Task goal: Without including any picture, transcribe the entries below word for word.

Material provided:
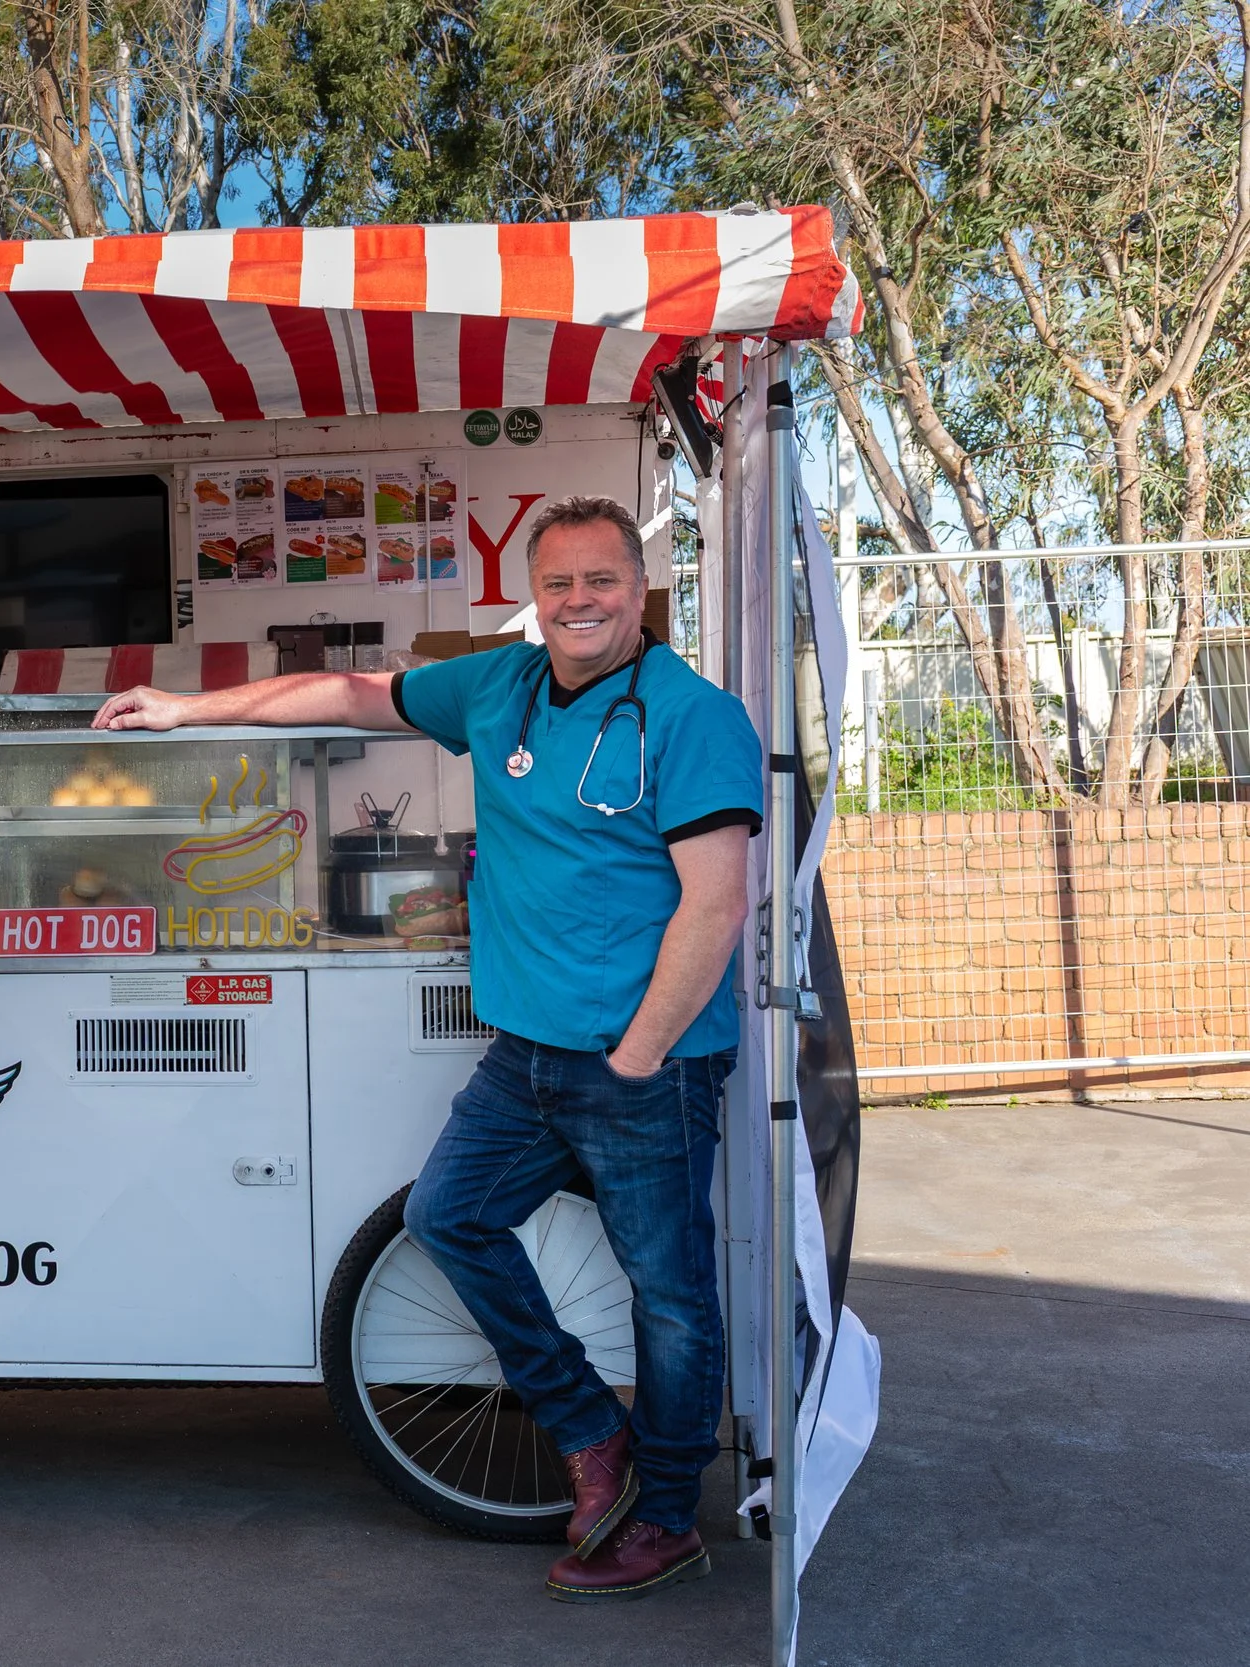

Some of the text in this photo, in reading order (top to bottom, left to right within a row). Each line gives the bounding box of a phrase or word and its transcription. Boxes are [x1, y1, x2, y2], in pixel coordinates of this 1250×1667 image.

[465, 423, 499, 432] FETTAYLEH
[509, 415, 539, 431] حلال
[468, 494, 545, 606] Y
[2, 916, 64, 950] HOT
[80, 914, 142, 949] DOG
[218, 979, 267, 989] L.P. GAS
[217, 991, 268, 1001] STORAGE
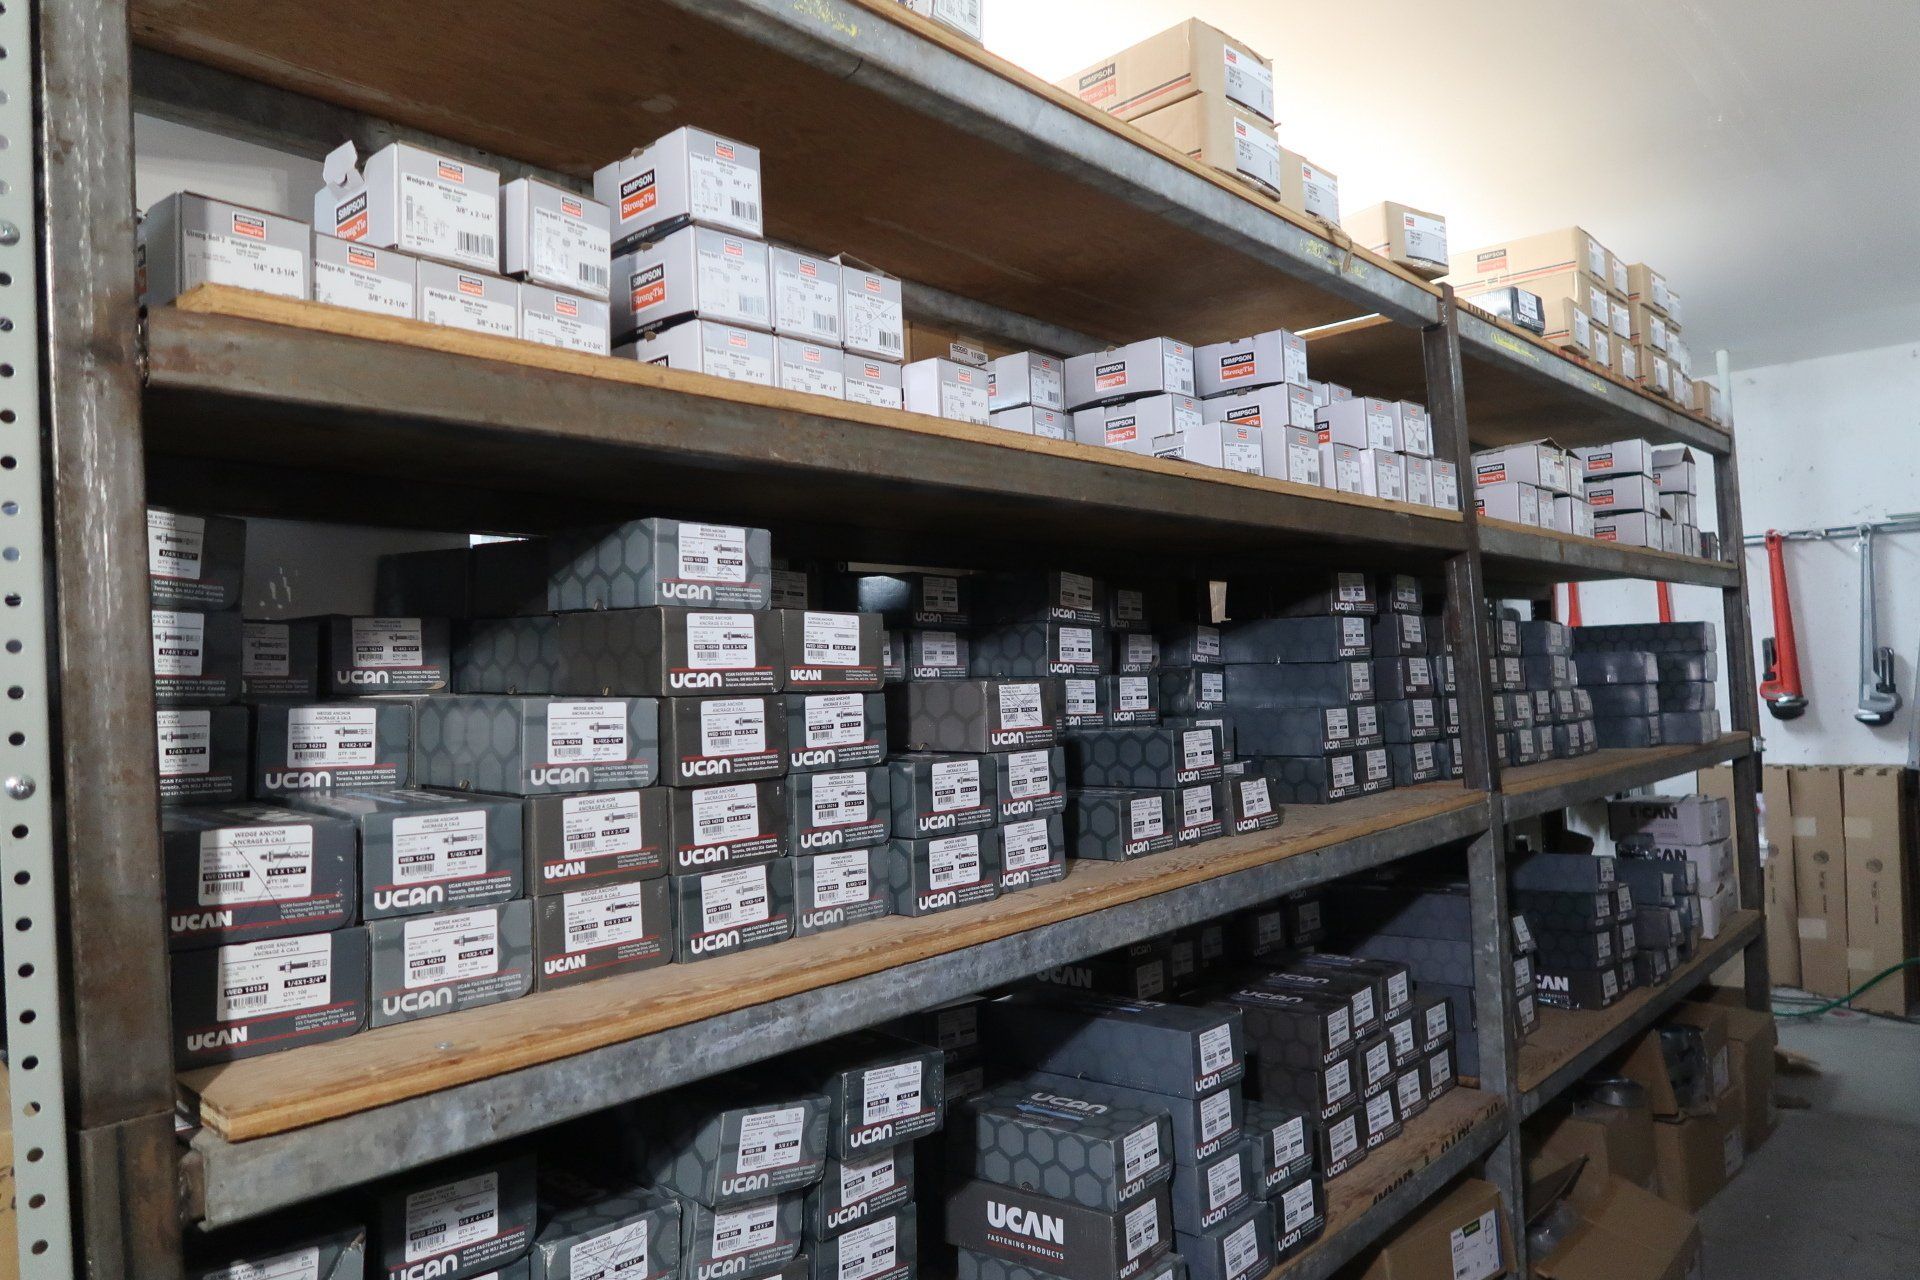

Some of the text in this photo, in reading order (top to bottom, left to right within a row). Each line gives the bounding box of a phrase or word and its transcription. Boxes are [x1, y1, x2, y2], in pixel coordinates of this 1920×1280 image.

[1080, 67, 1113, 87] SIMPSON
[622, 172, 653, 196] SIMPSON
[336, 195, 367, 220] SIMPSON
[622, 191, 655, 214] Strong-Tie
[1478, 250, 1505, 260] SIMPSON
[632, 266, 662, 287] SIMPSON
[632, 284, 664, 303] Strong-Tie
[1222, 353, 1253, 365] SIMPSON
[1097, 363, 1124, 374] SIMPSON
[1228, 407, 1258, 418] SIMPSON
[1106, 418, 1134, 429] SIMPSON
[1587, 453, 1612, 462] SIMPSON
[1477, 464, 1503, 473] SIMPSON
[1589, 490, 1613, 498] SIMPSON
[662, 583, 712, 601] UCAN
[1052, 608, 1077, 620] UCAN
[1334, 602, 1355, 612] UCAN
[915, 612, 942, 624] UCAN
[336, 670, 389, 684] UCAN
[791, 669, 822, 685] UCAN
[914, 666, 940, 678] UCAN
[1049, 662, 1075, 674] UCAN
[670, 673, 722, 689] UCAN
[1113, 710, 1136, 722] UCAN
[991, 731, 1025, 746] UCAN
[790, 748, 836, 767] UCAN
[531, 766, 590, 786] UCAN
[681, 757, 732, 778] UCAN
[1177, 770, 1201, 783] UCAN
[265, 771, 331, 790] UCAN
[1002, 799, 1033, 816] UCAN
[919, 813, 956, 831] UCAN
[1236, 817, 1260, 832] UCAN
[233, 837, 263, 846] ANCRAGE
[800, 829, 843, 849] UCAN
[1178, 827, 1201, 842] UCAN
[679, 844, 729, 867] UCAN
[1125, 839, 1150, 856] UCAN
[543, 860, 587, 879] UCAN
[999, 871, 1030, 888] UCAN
[373, 885, 444, 910] UCAN
[918, 889, 957, 911] UCAN
[172, 910, 233, 932] UCAN
[802, 907, 844, 928] UCAN
[277, 940, 299, 948] ANCHOR
[691, 929, 741, 955] UCAN
[543, 953, 587, 975] UCAN
[226, 984, 267, 997] WED 14134
[286, 975, 325, 988] 1/4X1-3/4"
[382, 987, 453, 1017] UCAN
[1240, 990, 1304, 1004] UCAN
[1384, 1008, 1400, 1022] UCAN
[186, 1025, 249, 1051] UCAN
[1424, 1038, 1440, 1052] UCAN
[1324, 1049, 1341, 1064] UCAN
[1195, 1073, 1221, 1092] UCAN
[1365, 1081, 1382, 1097] UCAN
[1031, 1092, 1108, 1115] UCAN
[1322, 1102, 1341, 1119] UCAN
[850, 1123, 894, 1148] UCAN
[1197, 1140, 1221, 1160] UCAN
[1265, 1164, 1291, 1187] UCAN
[1327, 1158, 1348, 1178] UCAN
[721, 1173, 769, 1196] UCAN
[1118, 1178, 1146, 1202] UCAN
[827, 1202, 868, 1229] UCAN
[987, 1200, 1064, 1245] UCAN
[1202, 1206, 1228, 1228] UCAN
[987, 1233, 1064, 1261] FASTENING PRODUCTS
[1277, 1228, 1302, 1252] UCAN
[698, 1256, 746, 1280] UCAN
[1120, 1258, 1140, 1280] UCAN

Exercise result:
Some of the text in this photo, in reading order (top to bottom, left to right within a row). Each line gives the bounding box of a phrase or word and its transcription. Boxes are [x1, y1, x2, y2], in pixel coordinates of this 1250×1667 image.

[465, 423, 499, 432] FETTAYLEH
[509, 415, 539, 431] حلال
[468, 494, 545, 606] Y
[2, 916, 64, 950] HOT
[80, 914, 142, 949] DOG
[218, 979, 267, 989] L.P. GAS
[217, 991, 268, 1001] STORAGE

Some of the text in this photo, in reading order (top to bottom, left to right within a row). Each line gives the bounding box of a phrase or word and its transcription. Boxes are [x1, y1, x2, y2], in pixel coordinates of this 1920×1280 image.

[1080, 67, 1113, 87] SIMPSON
[622, 172, 653, 196] SIMPSON
[336, 195, 367, 220] SIMPSON
[622, 191, 655, 214] Strong-Tie
[1478, 250, 1505, 260] SIMPSON
[632, 266, 662, 287] SIMPSON
[632, 284, 664, 303] Strong-Tie
[1222, 353, 1253, 365] SIMPSON
[1097, 363, 1124, 374] SIMPSON
[1228, 407, 1258, 418] SIMPSON
[1106, 418, 1134, 429] SIMPSON
[1587, 453, 1612, 462] SIMPSON
[1477, 464, 1503, 473] SIMPSON
[1589, 490, 1613, 498] SIMPSON
[662, 583, 712, 601] UCAN
[1052, 608, 1077, 620] UCAN
[1334, 602, 1355, 612] UCAN
[915, 612, 942, 624] UCAN
[336, 670, 389, 684] UCAN
[791, 669, 822, 685] UCAN
[914, 666, 940, 678] UCAN
[1049, 662, 1075, 674] UCAN
[670, 673, 722, 689] UCAN
[1113, 710, 1136, 722] UCAN
[991, 731, 1025, 746] UCAN
[790, 748, 836, 767] UCAN
[531, 766, 590, 786] UCAN
[681, 757, 732, 778] UCAN
[1177, 770, 1201, 783] UCAN
[265, 771, 331, 790] UCAN
[1002, 799, 1033, 816] UCAN
[919, 813, 956, 831] UCAN
[1236, 817, 1260, 832] UCAN
[233, 837, 263, 846] ANCRAGE
[800, 829, 843, 849] UCAN
[1178, 827, 1201, 842] UCAN
[679, 844, 729, 867] UCAN
[1125, 839, 1150, 856] UCAN
[543, 860, 587, 879] UCAN
[999, 871, 1030, 888] UCAN
[373, 885, 444, 910] UCAN
[918, 889, 957, 911] UCAN
[172, 910, 233, 932] UCAN
[802, 907, 844, 928] UCAN
[277, 940, 299, 948] ANCHOR
[691, 929, 741, 955] UCAN
[543, 953, 587, 975] UCAN
[226, 984, 267, 997] WED 14134
[286, 975, 325, 988] 1/4X1-3/4"
[382, 987, 453, 1017] UCAN
[1240, 990, 1304, 1004] UCAN
[1384, 1008, 1400, 1022] UCAN
[186, 1025, 249, 1051] UCAN
[1424, 1038, 1440, 1052] UCAN
[1324, 1049, 1341, 1064] UCAN
[1195, 1073, 1221, 1092] UCAN
[1365, 1081, 1382, 1097] UCAN
[1031, 1092, 1108, 1115] UCAN
[1322, 1102, 1341, 1119] UCAN
[850, 1123, 894, 1148] UCAN
[1197, 1140, 1221, 1160] UCAN
[1265, 1164, 1291, 1187] UCAN
[1327, 1158, 1348, 1178] UCAN
[721, 1173, 769, 1196] UCAN
[1118, 1178, 1146, 1202] UCAN
[827, 1202, 868, 1229] UCAN
[987, 1200, 1064, 1245] UCAN
[1202, 1206, 1228, 1228] UCAN
[987, 1233, 1064, 1261] FASTENING PRODUCTS
[1277, 1228, 1302, 1252] UCAN
[698, 1256, 746, 1280] UCAN
[1120, 1258, 1140, 1280] UCAN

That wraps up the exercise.